A highly unusual event took place on September 25, 1918.  Members of the Screen Club staged a benefit for its house fund.  Moving Pictures magazine reported "Many picture people were present.  The proceeds for the club came from the sale of souvenir programs and autographed photographs, also the difference in the advance of seat prices."

None of that would have prompted press coverage.  But then at 11:00 four audience members were selected and brought on stage.  While the audience watched, a motion picture was made.  Moving Pictures explained "The film was to be 500 feet in all, and will be shown at the theatre October 15-17."

The management was rethinking its programming by the spring of 1919.  In March Variety wrote "This theatre divides its program with a feature picture, playing three [vaudeville] acts at either side of the film.  Through that the theatre confesses that first it is a picture house rather than vaudeville, and secondly it prefers pictures."

On September 1 that year the management of the theater was turned over to B. F. Keith, who immediately changed the name to B. F. Keith's 81st Street Theatre.  That was the only initial change.  Vaudeville reported "The house will open with six acts and a picture, without a headline attraction billed."  There were two performances each day, "placing it in the big time class," said the trade journal.

Columbia Daily Spectator, December 3, 1919 (copyright expired)

Audiences showed their disapproval of vaudeville performers by tossing pennies.  On November 1, 1920 a group of well-dressed young men in the orchestra section were caught by booking agent Charles Stockhouse "casting pennies on the stage during the turn of Clayton and Lennie," as reported in Vaudeville.  Stockhouse went to the street and found a policeman, who arrested the youths.

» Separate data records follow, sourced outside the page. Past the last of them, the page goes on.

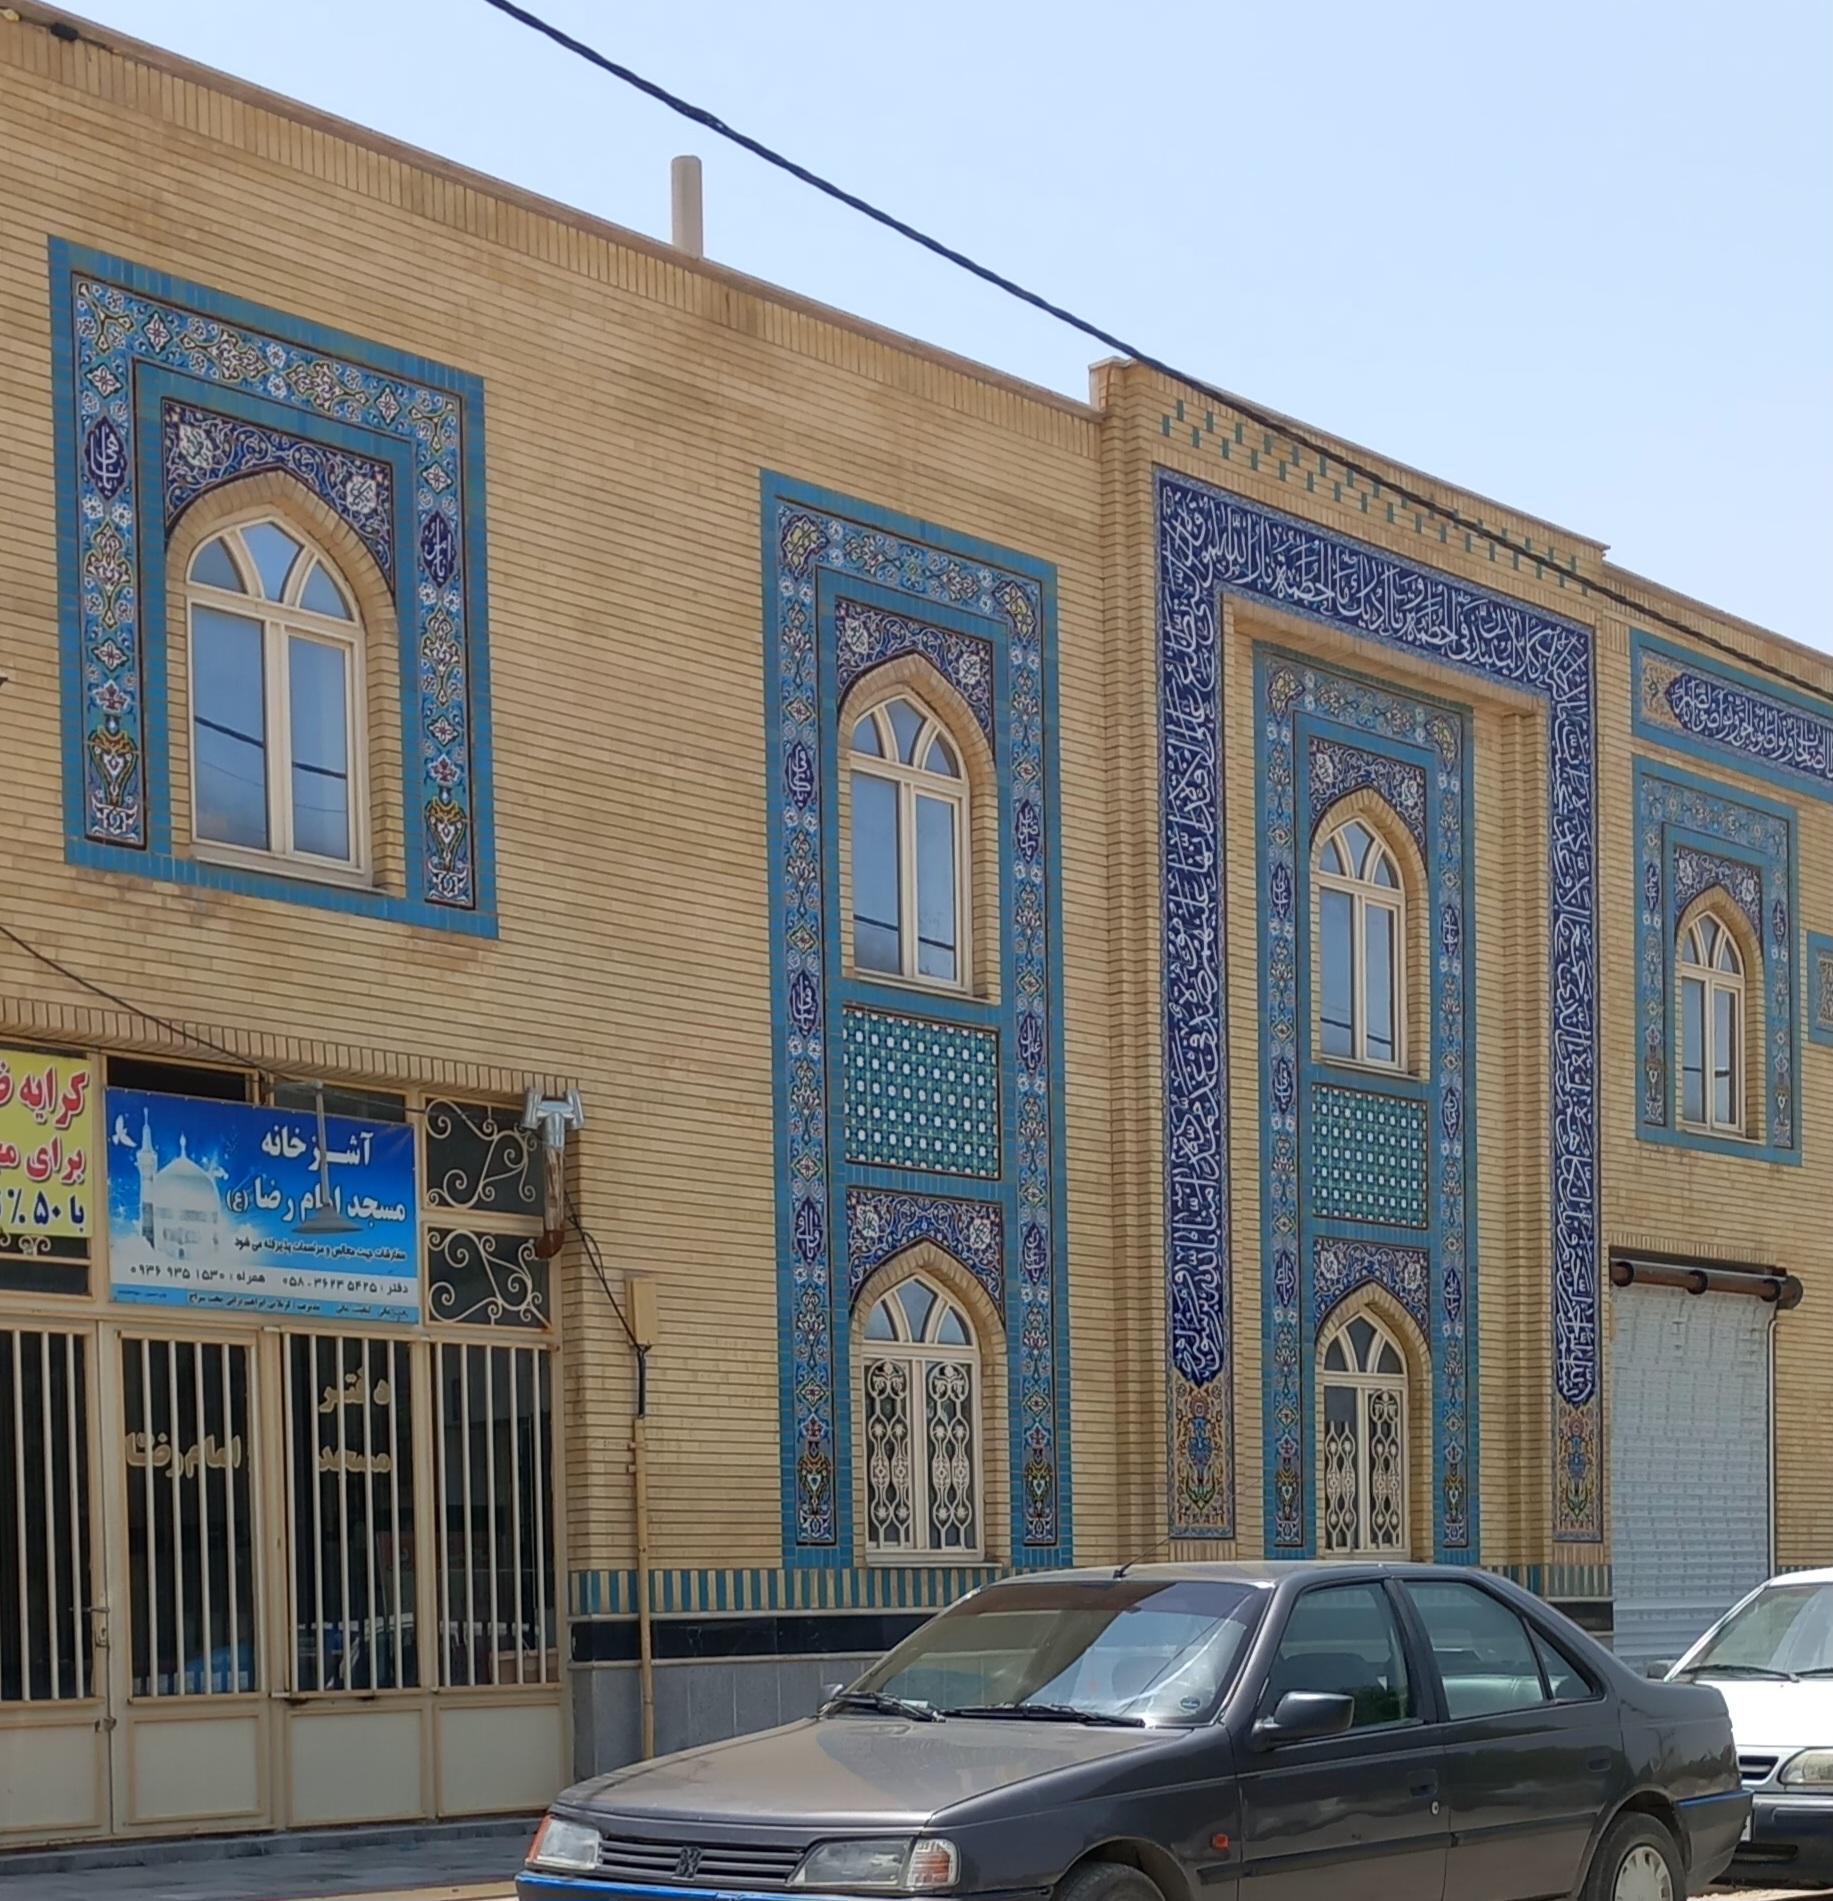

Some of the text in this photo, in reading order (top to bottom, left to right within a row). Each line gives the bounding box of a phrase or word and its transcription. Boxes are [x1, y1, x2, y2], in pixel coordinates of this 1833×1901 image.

[20, 1068, 89, 1128] کرایه
[26, 1137, 86, 1184] برای
[69, 1194, 85, 1232] با
[254, 1175, 295, 1222] رضا
[346, 1193, 407, 1228] مسجد
[318, 1366, 392, 1413] دفتر
[184, 1434, 242, 1480] امام
[318, 1445, 392, 1480] مسجد

As it turned out, they were not neighborhood rowdies, but college boys "home from school on an election day week-end vacation."  The night court judge "reprimanded the penny throwers, stating to them they stood in no different position before him, though they were sons of wealthy fathers, than any other culprit," reported Vaudeville.  "He warned them if a further complaint was lodged against either they would receive a jail sentence."

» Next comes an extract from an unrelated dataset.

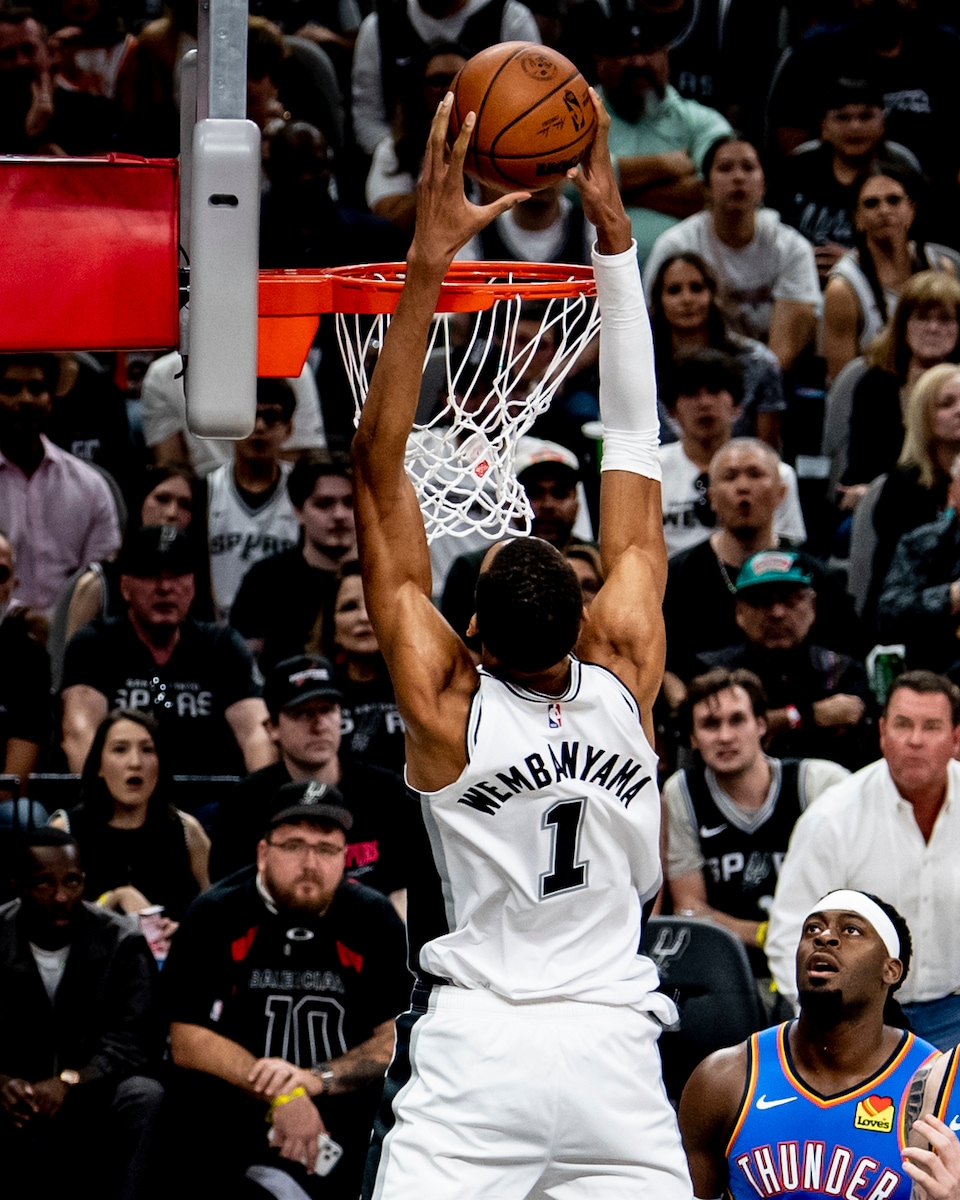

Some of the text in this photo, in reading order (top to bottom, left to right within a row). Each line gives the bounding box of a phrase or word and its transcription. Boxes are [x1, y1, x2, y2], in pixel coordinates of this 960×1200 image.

The neo-Classical design of the exterior was carried on within the auditorium.   Architecture and Building, July 1914 (copyright expired)
Patrons enjoyed the works of the best directors and most celebrated screen stars here.  On January 11, 1920, for instance, The New York Herald announced "At B. F. Keith's Eight-first Street Theatre the feature will be Cecil B. De Mille's 'Male and Female,' with Miss Gloria Swanson in the lead.  There will be six vaudeville features in addition to the feature."

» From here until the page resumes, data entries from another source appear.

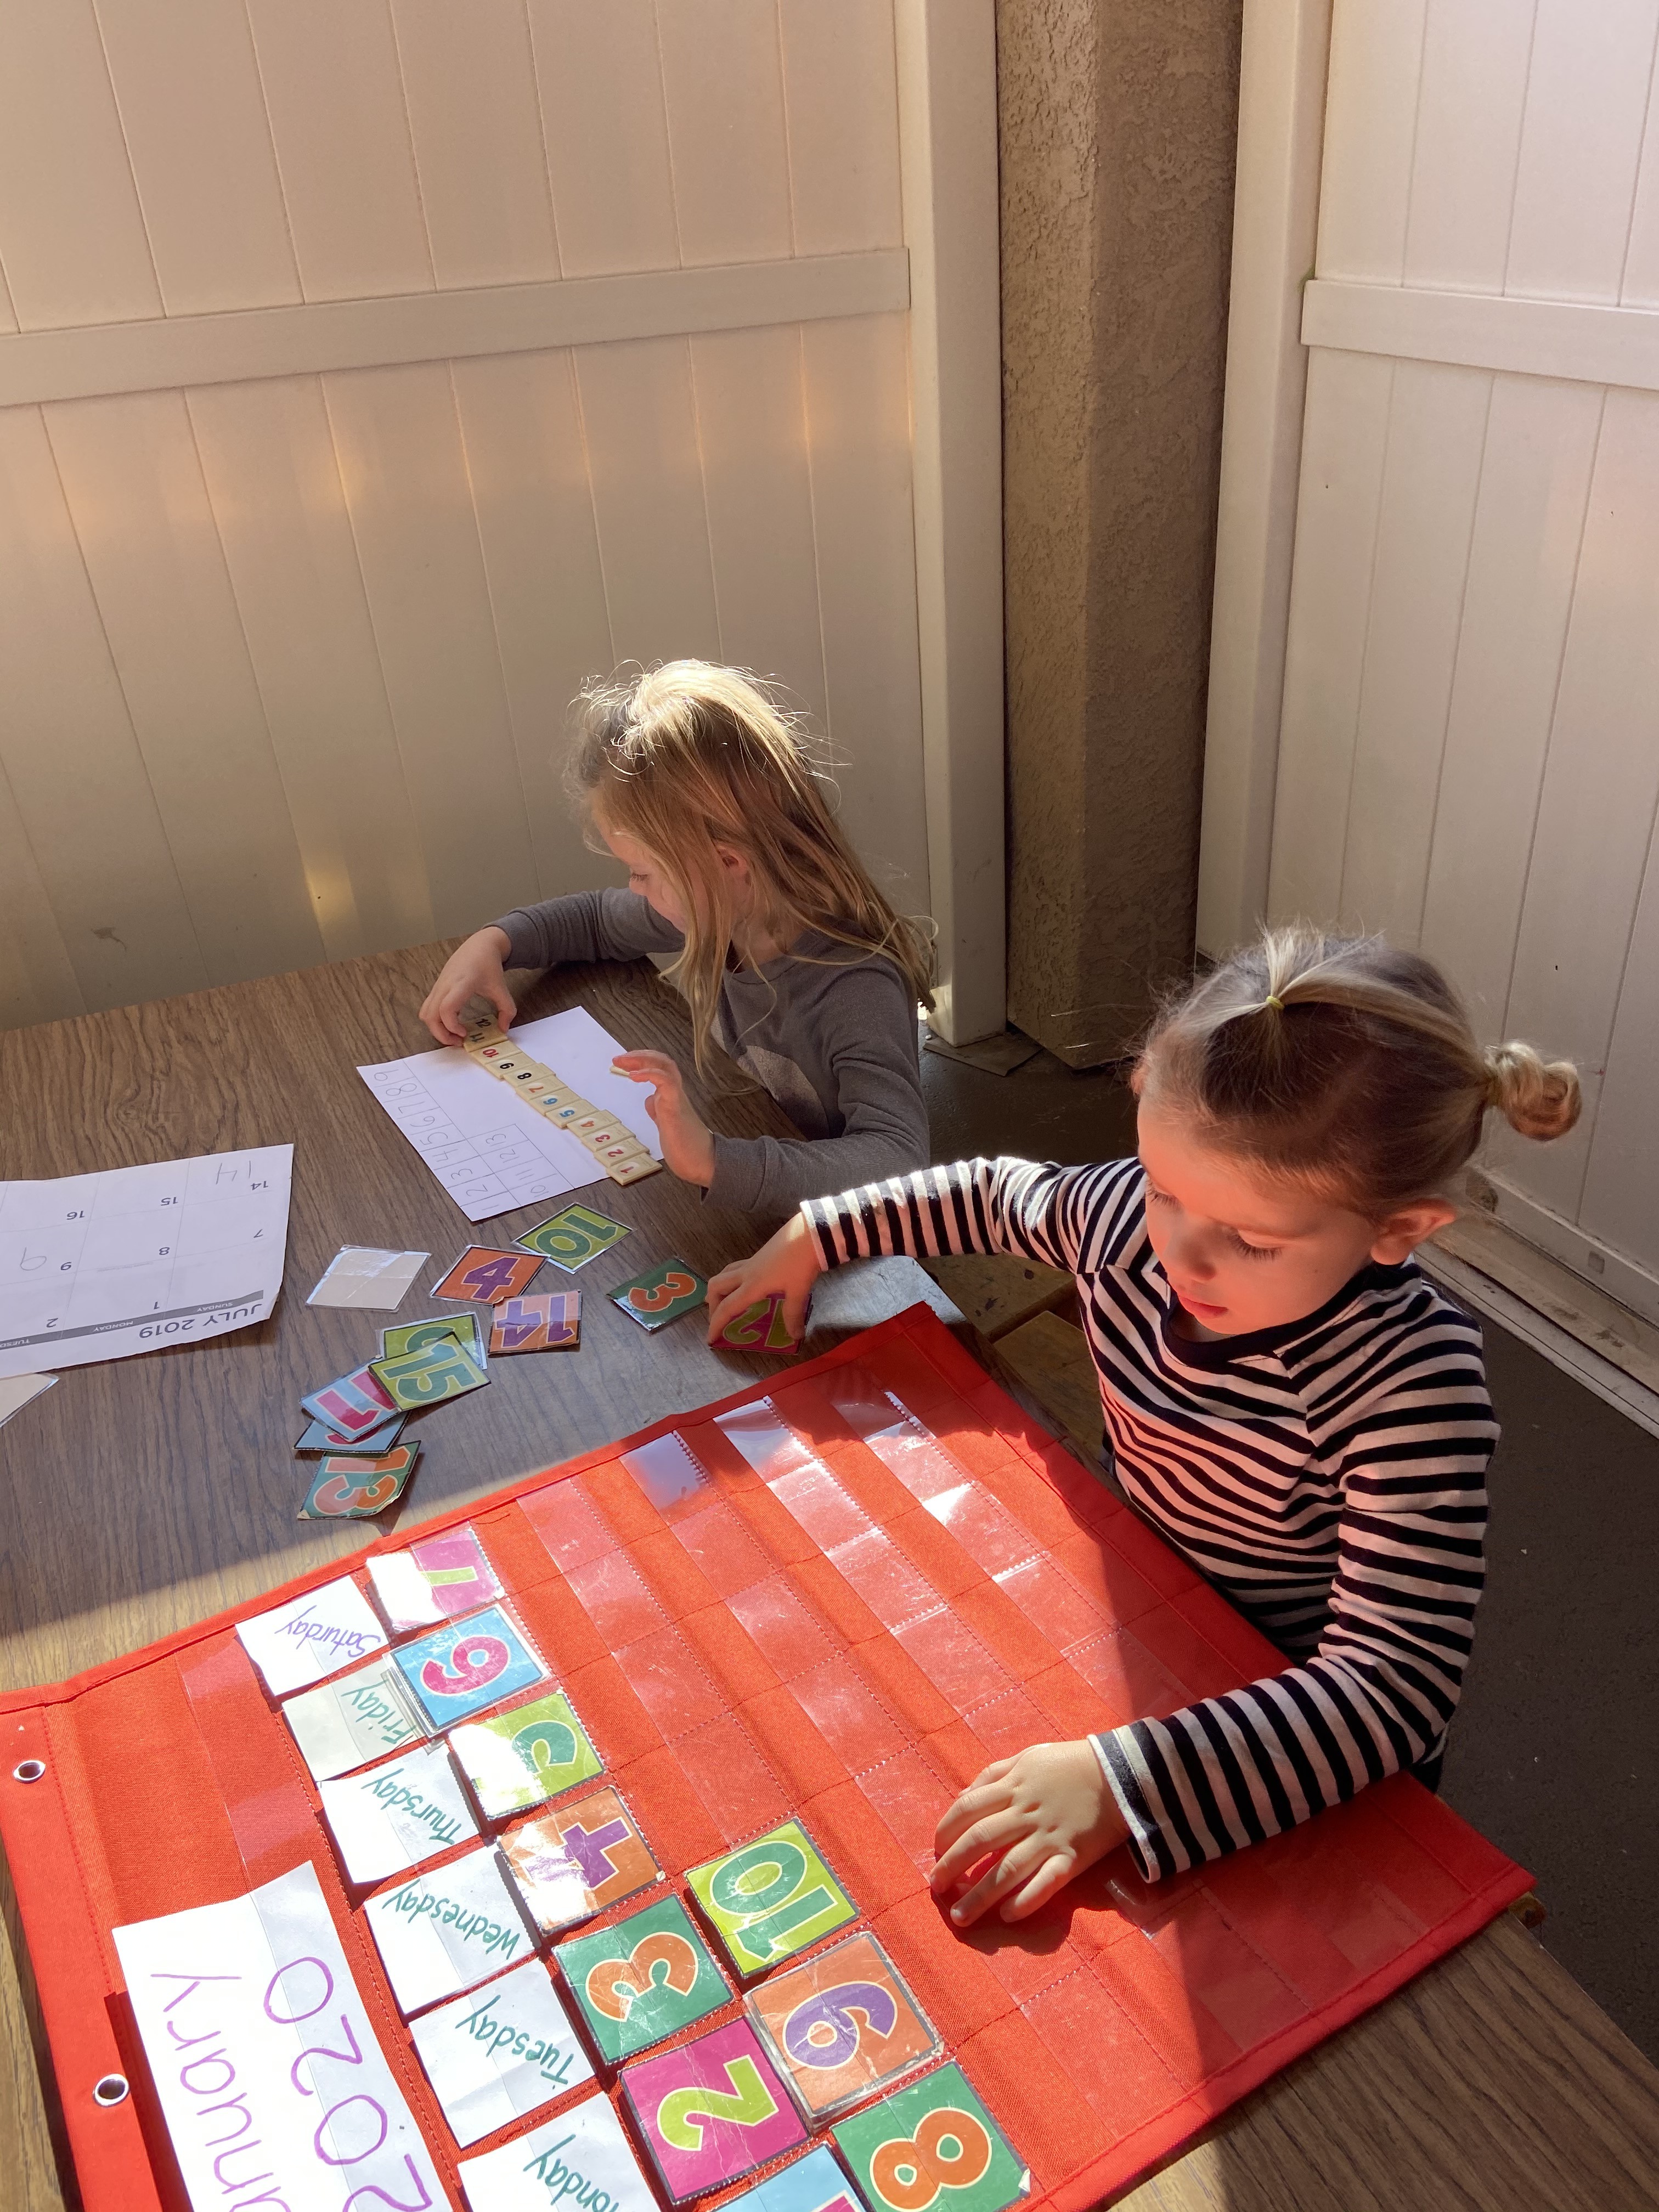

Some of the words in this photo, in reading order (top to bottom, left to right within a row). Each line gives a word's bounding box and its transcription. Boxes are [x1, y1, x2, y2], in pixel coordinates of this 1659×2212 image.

[476, 1018, 491, 1028] 12
[482, 1048, 499, 1058] 10
[374, 1069, 399, 1081] 9
[386, 1083, 417, 1096] 8
[398, 1101, 425, 1114] 7
[410, 1116, 435, 1127] 6
[420, 1132, 448, 1146] 5
[486, 1133, 506, 1147] 13
[595, 1134, 610, 1142] 3
[432, 1149, 459, 1162] 4
[500, 1149, 520, 1163] 12
[608, 1149, 624, 1157] 2
[216, 1160, 251, 1184] 14
[450, 1168, 472, 1180] 3
[515, 1169, 534, 1181] 11
[251, 1181, 268, 1190] 14
[466, 1184, 488, 1197] 2
[530, 1185, 549, 1198] 10
[160, 1197, 179, 1206] 15
[66, 1210, 86, 1220] 16
[253, 1229, 263, 1238] 7
[535, 1213, 618, 1259] 10
[159, 1247, 170, 1255] 8
[20, 1247, 47, 1271] 9
[60, 1262, 72, 1271] 9
[461, 1256, 521, 1301] 4
[628, 1272, 697, 1312] 3
[154, 1301, 160, 1310] 1
[196, 1302, 233, 1312] SUNDAY
[202, 1304, 262, 1326] JULY
[495, 1294, 575, 1348] 14
[46, 1318, 59, 1328] 2
[93, 1321, 133, 1332] MONDAY
[139, 1319, 195, 1338] 2019
[380, 1343, 479, 1402] 15
[313, 1445, 411, 1515] 13
[275, 1605, 381, 1657] Saturday
[420, 1635, 511, 1696] 6
[341, 1679, 416, 1745] Friday
[361, 1768, 461, 1846] Thursday
[525, 1817, 634, 1890] 4
[709, 1841, 838, 1963] 10
[381, 1878, 521, 1960] Wednesday
[585, 1931, 699, 2022] 3
[455, 1995, 574, 2085] Tuesday
[263, 1956, 433, 2212] 2020
[657, 2053, 780, 2152] 2
[870, 2106, 992, 2212] 8
[523, 2134, 619, 2212] onday

Among the live acts in February 1928 was Rudy Vallée and his musical group, the Connecticut Yankees.   The crooner was the equivalent of a pop star of today and drew masses of screaming female fans.  The crush of devotees on opening night caused traffic to come to a halt on Broadway.  He mentioned the incident in his 1930 memoir, Vagabond Dreams Come True, calling it "the tremendous outburst we received."

Stores lined the street level in this 1915 photograph.  photo by Byron Company from the collection of the Museum of the City of New York
At mid-century the venue had become a full-time motion picture theater, operated by Howard Hughes's R. K. O. Pictures.  The New York Times theater critic was less than thrilled with The Lisbon Story on September 6, 1951.  Saying that the film "arrived from over the water yesterday afternoon at the R.K.O. Eighty-first Street Theatre, British National Film, the company responsible did neither continent any great favor."  He concluded his critique saying "Anyone who pays good money to see this one deserves the boredom he'll get in return."

Then, in December 1953, CBS-TV announced it had leased the property.  The venue was converted to its first color television studio.  Among its most memorable productions here was the 1957 Rodgers & Hammerstein Cinderella starring Julie Andrews.  It was the only musical written by the partners expressly for television.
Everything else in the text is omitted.